The Muizenberg youth project, which was established last year, teaches children about indigenous plants in Muizenberg Park.

The park is currently being restored by the Friends of Muizenberg Park, a community-based organisation established in 2014 to promote the public enjoyment, conservation and sound management of the park.

The Friends aim to create a safe green space for the enjoyment of all, encourage more people to use the park in a positive way and conserve critically endangered fynbos in the park.

The youth project was created as a way to give children a chance to be part of something constructive, says project director Barbara Meyer.

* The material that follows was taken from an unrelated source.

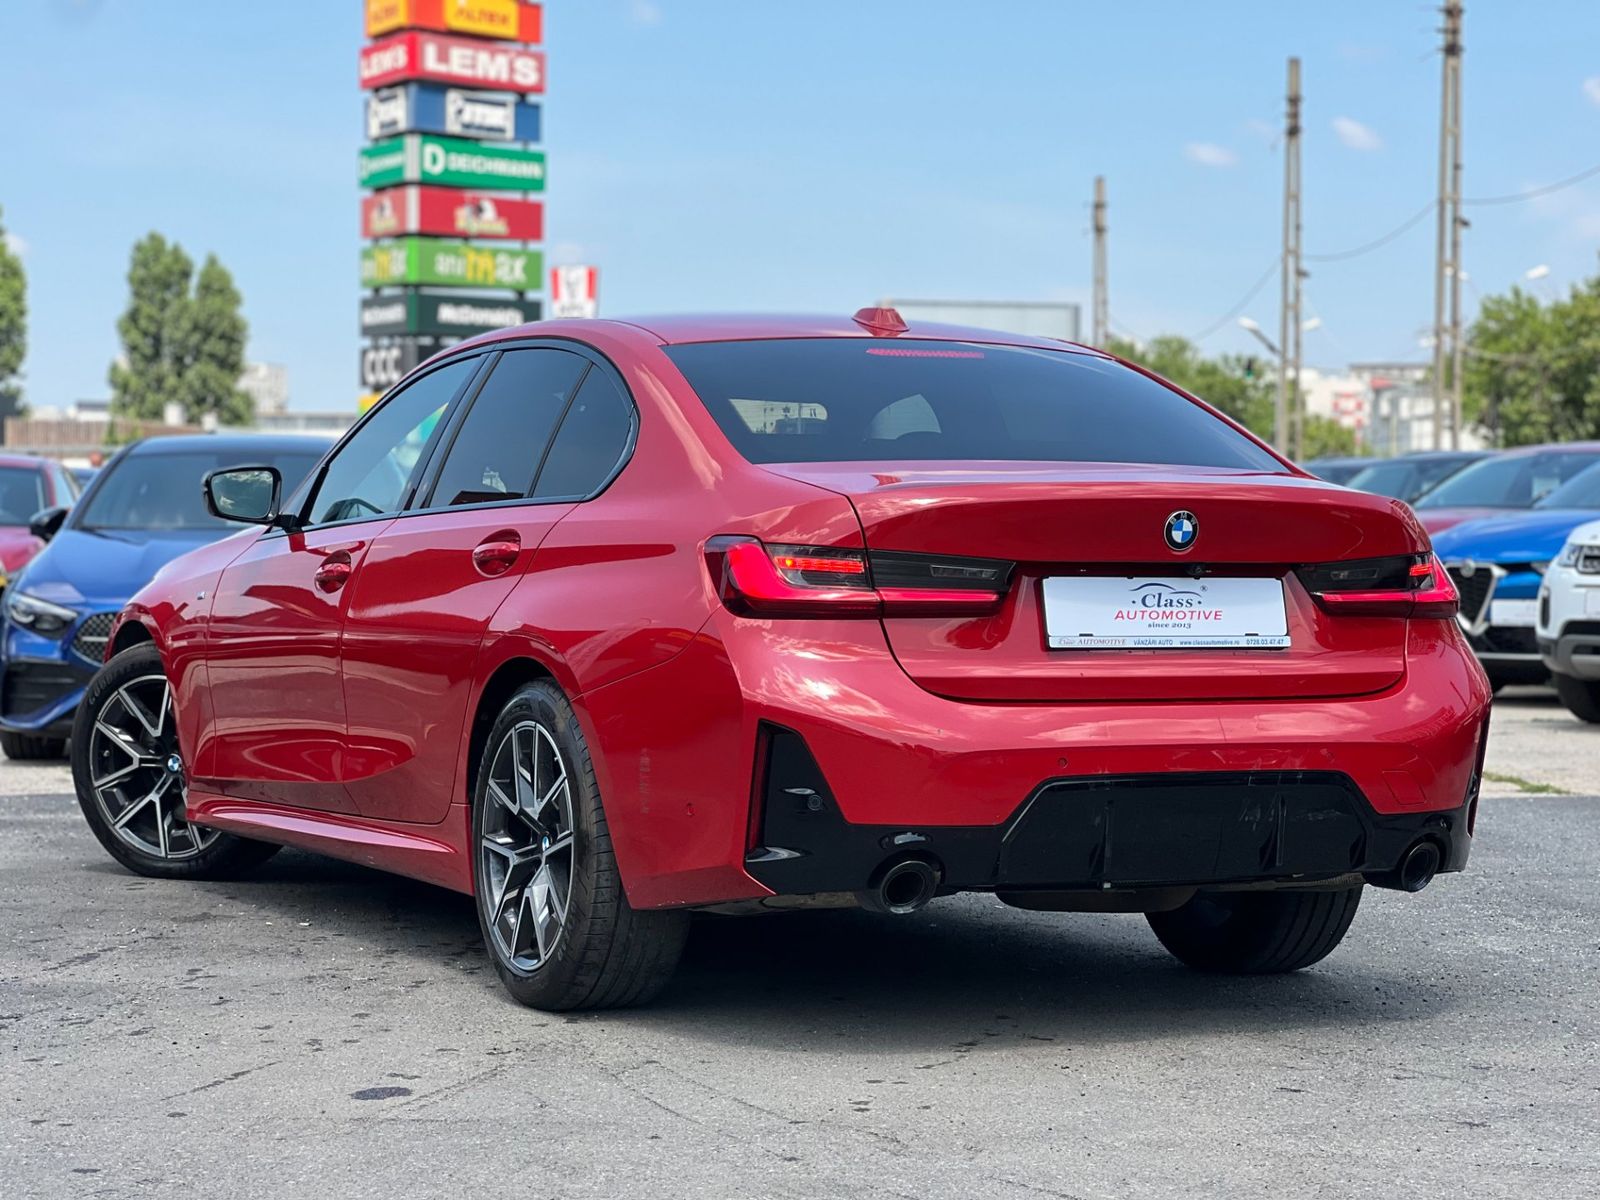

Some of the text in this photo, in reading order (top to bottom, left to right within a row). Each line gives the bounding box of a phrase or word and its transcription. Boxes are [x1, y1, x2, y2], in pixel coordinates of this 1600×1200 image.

[1141, 592, 1194, 608] Class
[1114, 610, 1223, 620] AUTOMOTIVE
[1171, 622, 1192, 630] 2013

“There are a lot of children living in flats in the area who often play unsupervised in the streets because their parents are at work during the day. These children are more susceptible to negative influences in the area like drugs and truancy. Also, Muizenberg is a mixed economic area, with some very affluent and some very poor children living close to each other but not knowing each other. This is a chance for all children to play together and to be part of constructive activities without the obstacles of expensive holiday programmes.

“There are other youth programmes but they focus on children in surrounding townships, so often local children don’t get the chance to join in on the benefits of these ­programmes.”

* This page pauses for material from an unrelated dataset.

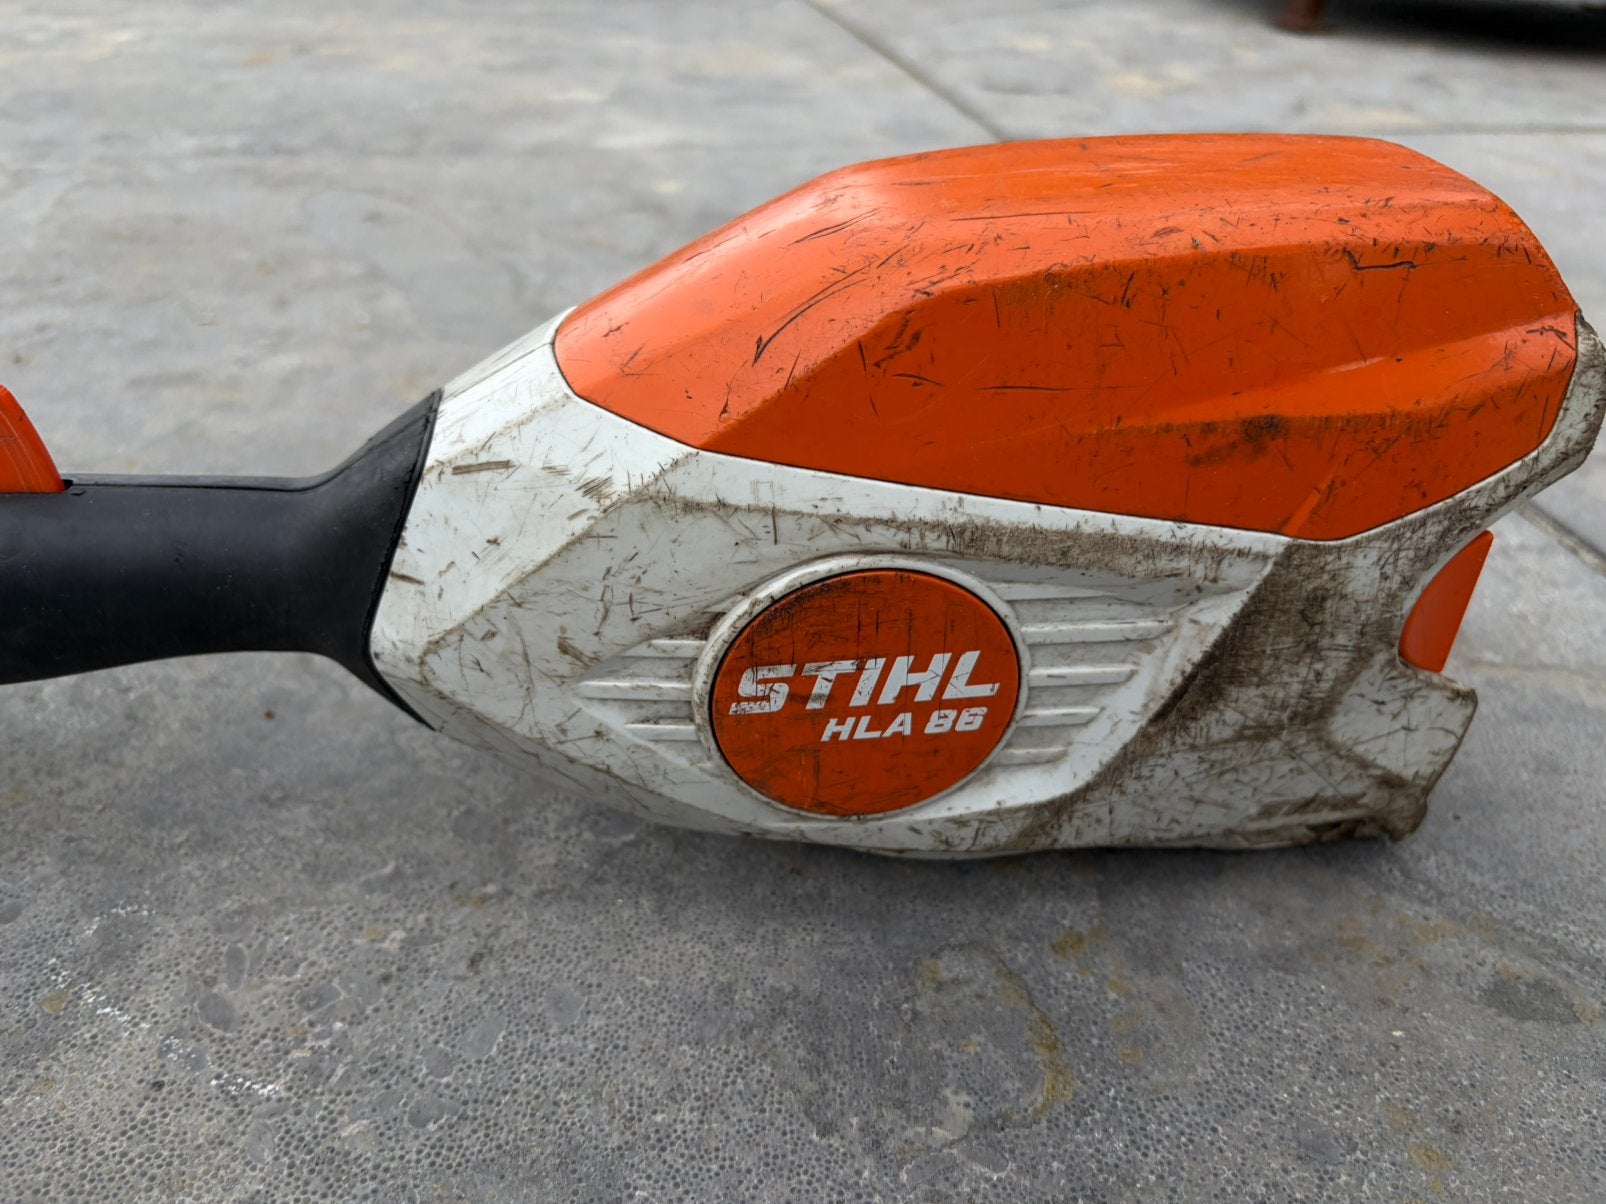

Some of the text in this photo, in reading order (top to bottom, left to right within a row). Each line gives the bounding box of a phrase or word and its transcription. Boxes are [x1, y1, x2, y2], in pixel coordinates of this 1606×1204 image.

Around 30 children, from five to 14 years old, attend the sessions on Friday ­afternoons.

“The Friday sessions are facilitated by environmentalists Karel Lewy-Phillips and Victoria Burnett, who are committee members of the Friends of Muizenberg Park’s biodiversity team. Ann Gill, a local resident, teaches the kids about poisonous, useful, edible and medicinal plants that grow in the park,” says Meyer.

The children learn about biodiversity, to identify alien and indigenous plants and that alien plants can be bad for the environment because they take too much water and indigenous plants suffer.

They are also taught fire safety and that fynbos must be burnt down every 15 to 20 years to grow better.

“Children know that there is an affordable and safe place to come to on Fridays, where they can go out and have fun in a constructive and supervised way. They also get to know different children in the area they would not have usually played with,” explains Meyer.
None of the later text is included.